Katy B Plummer writes for Dorabialski’s artist statement (after listing the many things ‘it’s about’): ‘I don’t know what it’s about. // I really don’t know. // You tell me. / You tell me.
Flight. I want to say, flight. The final image inspires, without spoiling the ending, desire for strange flight together.
All of Them in There
(37 minute UHD video, 2016) video excerpt, curtesy of the artist.
AUTOMATED REASONING PARADIGM
Kynan Tan’s video installation Automated Reasoning Paradigm (2015) examines, as Kynan states, ‘human relationships with digital technologies’, and, creatively, how ‘computation senses the human’. Automated Reasoning Paradigm incorporates multiple texts, including audio-visual renderings of computational data, and interviews with artists/thinkers. The following quotes were transcribed while viewing the video artwork.
‘What is your data profile’, what is your data body (this viewer’s term); what are your ‘abstract complications’ and complexities based on ‘algorithms that society runs on’ and in turn powers more algorithms? Your data body serves servers serving your body: ‘algorithms talking to algorithms’. Your data body grows like a living thing (which may be the best way this viewer can begin to relate to her data body, or profile).

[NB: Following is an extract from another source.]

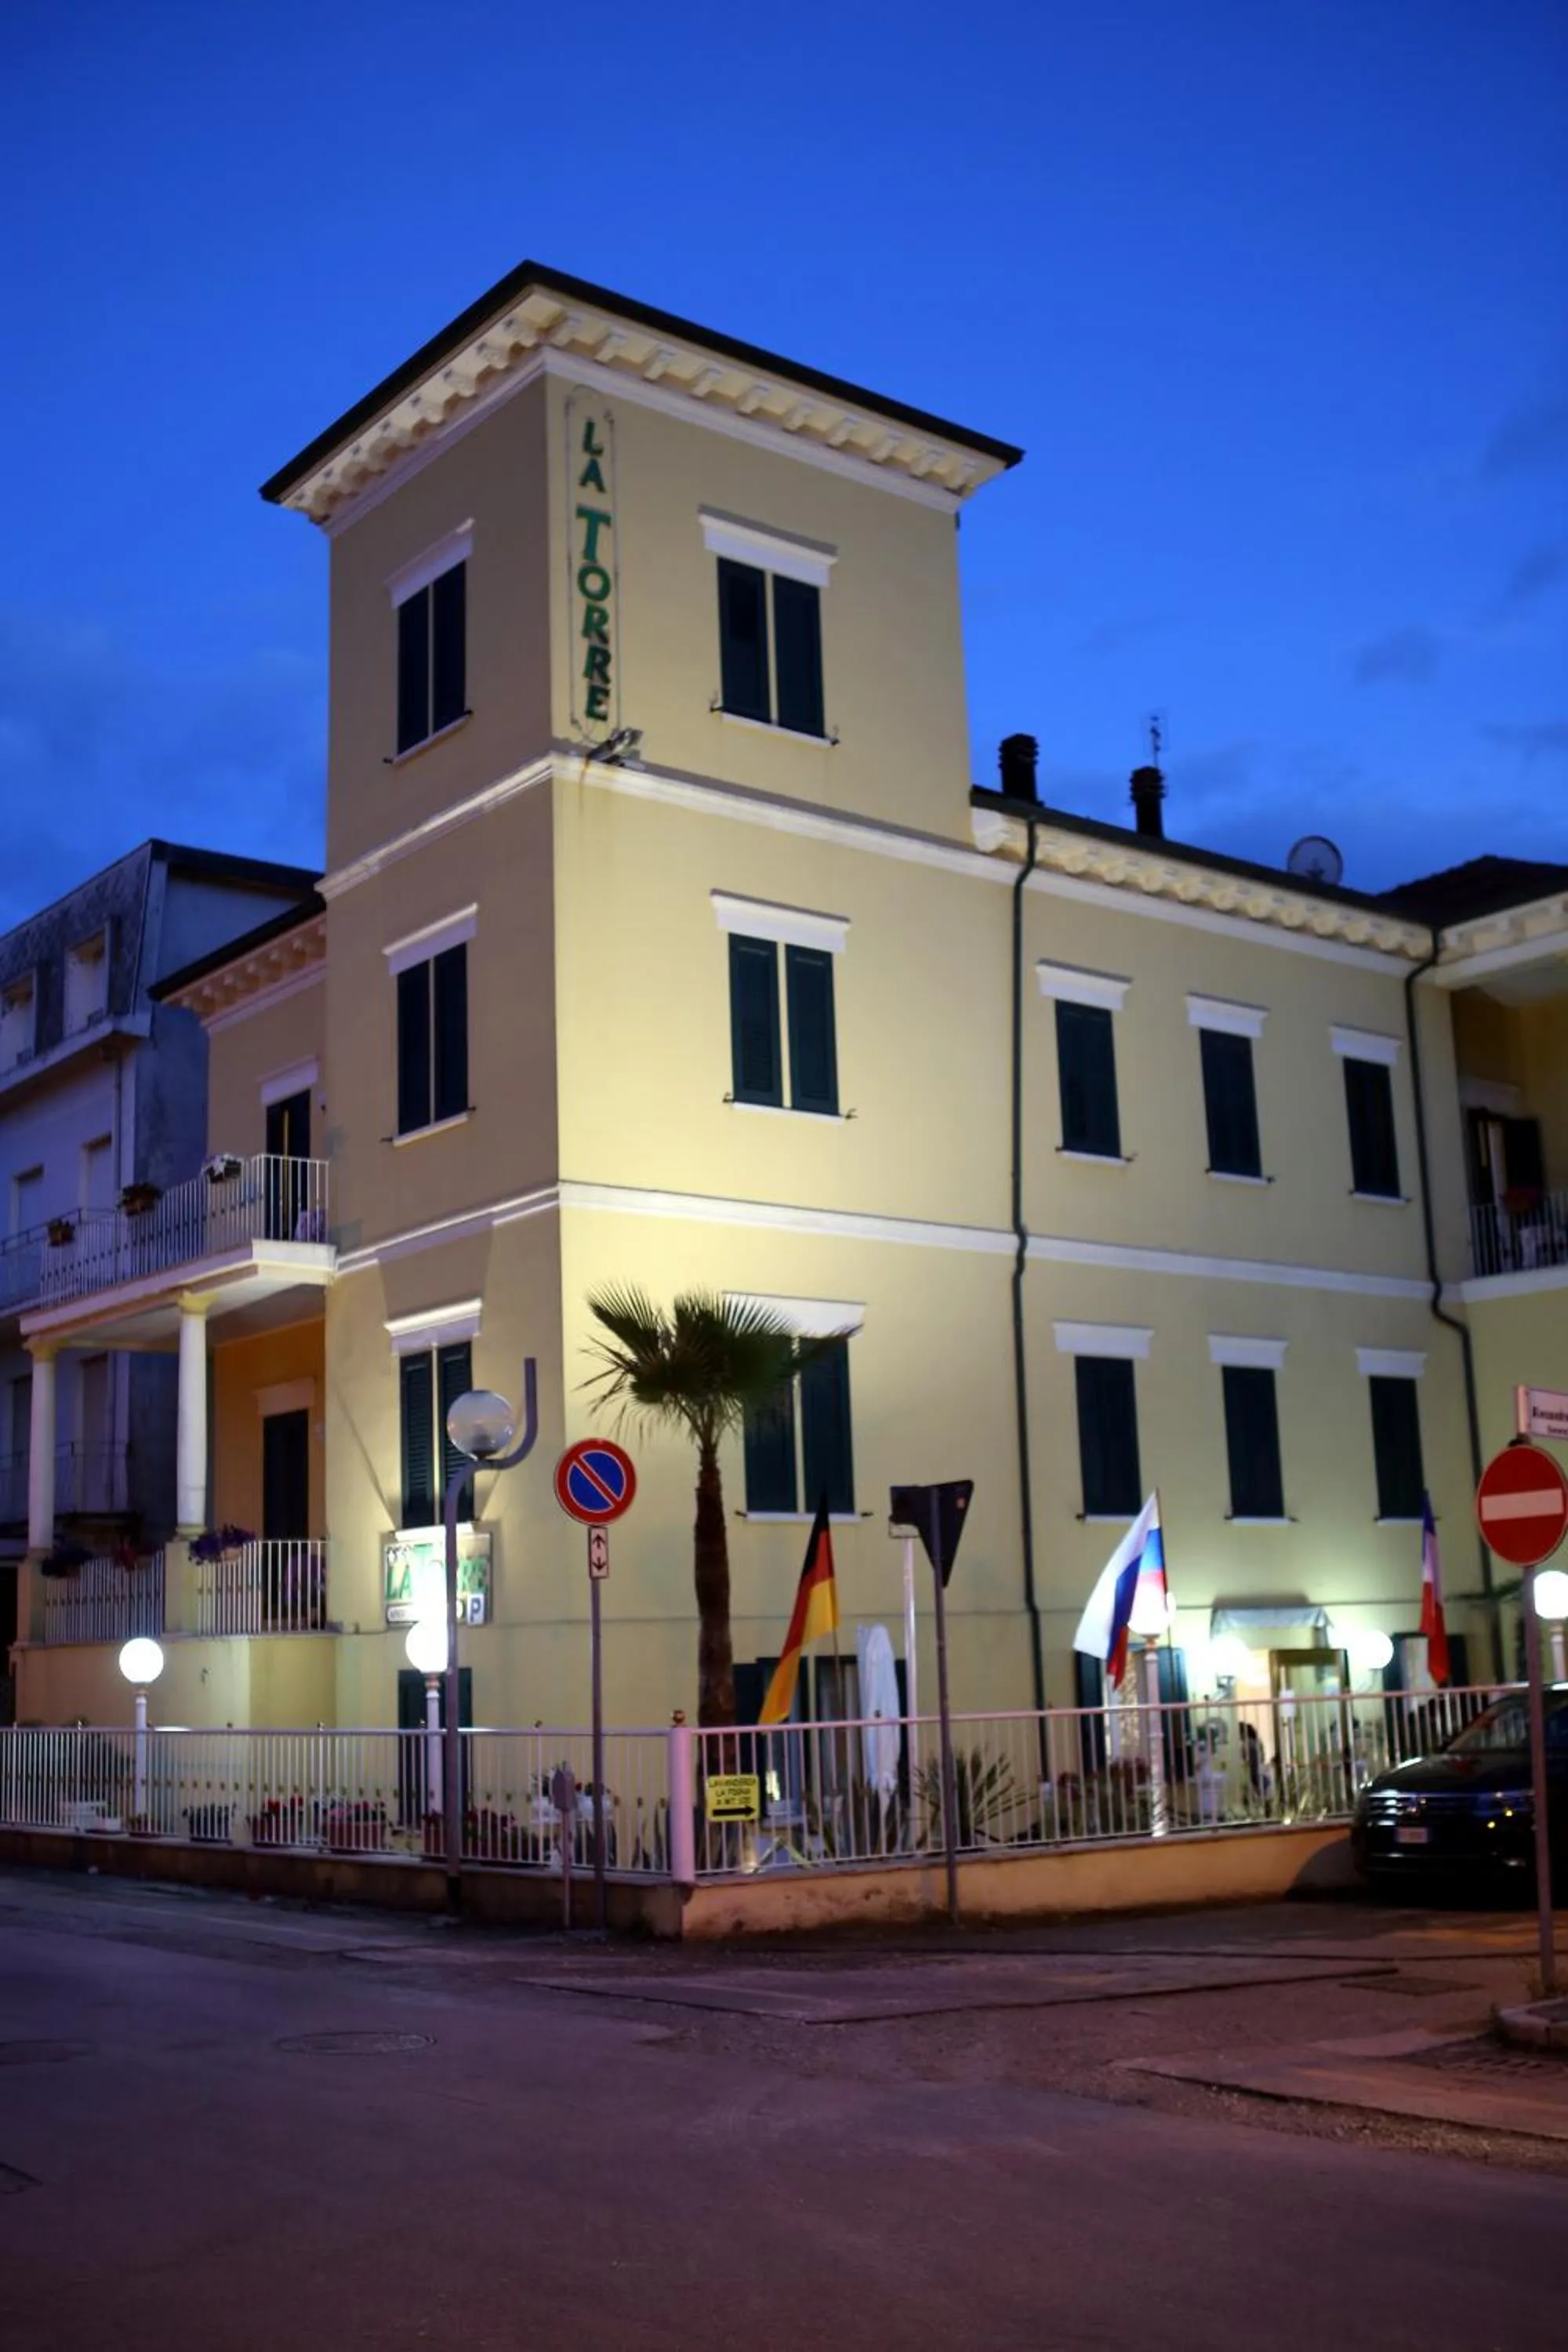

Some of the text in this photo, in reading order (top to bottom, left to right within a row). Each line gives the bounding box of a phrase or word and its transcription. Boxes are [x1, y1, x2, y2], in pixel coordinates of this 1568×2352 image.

[575, 417, 612, 721] LA TORRE
[385, 1564, 412, 1602] LA
[470, 1597, 481, 1622] P

Servers need their electrical circuitry consistently kept moderately cool to survive. Your data body relies on an atmospheric temperature of around twenty-one degrees Celsius—a highly productive temperature for data making in life. As long as the hardware can breathe, your servers serving your data body will thrive between eighteen to twenty-seven degrees Celsius. This viewer knows little of her irreducible data body and the extent of her complexities—is this a problem? Therein is the felt and stated urgency behind Kynan’s work.

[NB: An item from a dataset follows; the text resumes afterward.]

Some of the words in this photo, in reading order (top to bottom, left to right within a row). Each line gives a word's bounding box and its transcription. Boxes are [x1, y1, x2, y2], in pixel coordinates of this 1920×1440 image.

Our general lack of understanding of technology, or, better, our inability or unwillingness to consider ‘computational processes occurring beyond our perception’ does not neglect culture’s ability to grow. Algorithms have each other for company; code can play all day, and is continually fed by us, is continually growing and becoming more complex. Website source code visualisations (there are a number of examples online) look like botanical illustrations; similarly, software artists’ (e.g. Casey Reas) endless emergent visualisations can be easily associated to biological structures. What we may be denying culture is healthy growth. Just how is your data body is being used without your awareness or consent for lack of understanding?
Where does biology stop and technology begin in terms of a data body? (This viewer is coming from the idea that culture is a complex, nonlinear and evolutionary symbol/system of relations, of which we are an irreducible part (e.g. biosemiosis, cybernetics, emergence, complex feedback systems).) Mingling code visualisations with quotes from academic concepts and news headlines, Kynan also introduces fiction (e.g. quotes from Don DeLillo), increasing the potential for conspiracy, the potential for humanness in the nonhuman and visa versa. What is being used against my (data) body? Are my bodies co-evolving into artificial intelligence? Am I more than biological and digital information? Me_allow_edits=true/false? Automated Reasoning Paradigm is disturbing, inspires questioning, and does successfully guide the viewer toward their unknown.
Installation and still image of Automated Reasoning Paradigm (2015) by Kynan Tan, 3 channel video, 2 channel sound, 14:40 loop; centre screen is a quote from White Noise by Don DeLillo: ‘It’s your whole data profile. I tapped into your history. I’m getting bracketed numbers and pulsing stars.’ / ‘What does that mean?’ / ‘You’d rather not know.’; left screen: data like pulsing stars; right screen: image of artist Andrew Brooks. Image by Zan Wimberley.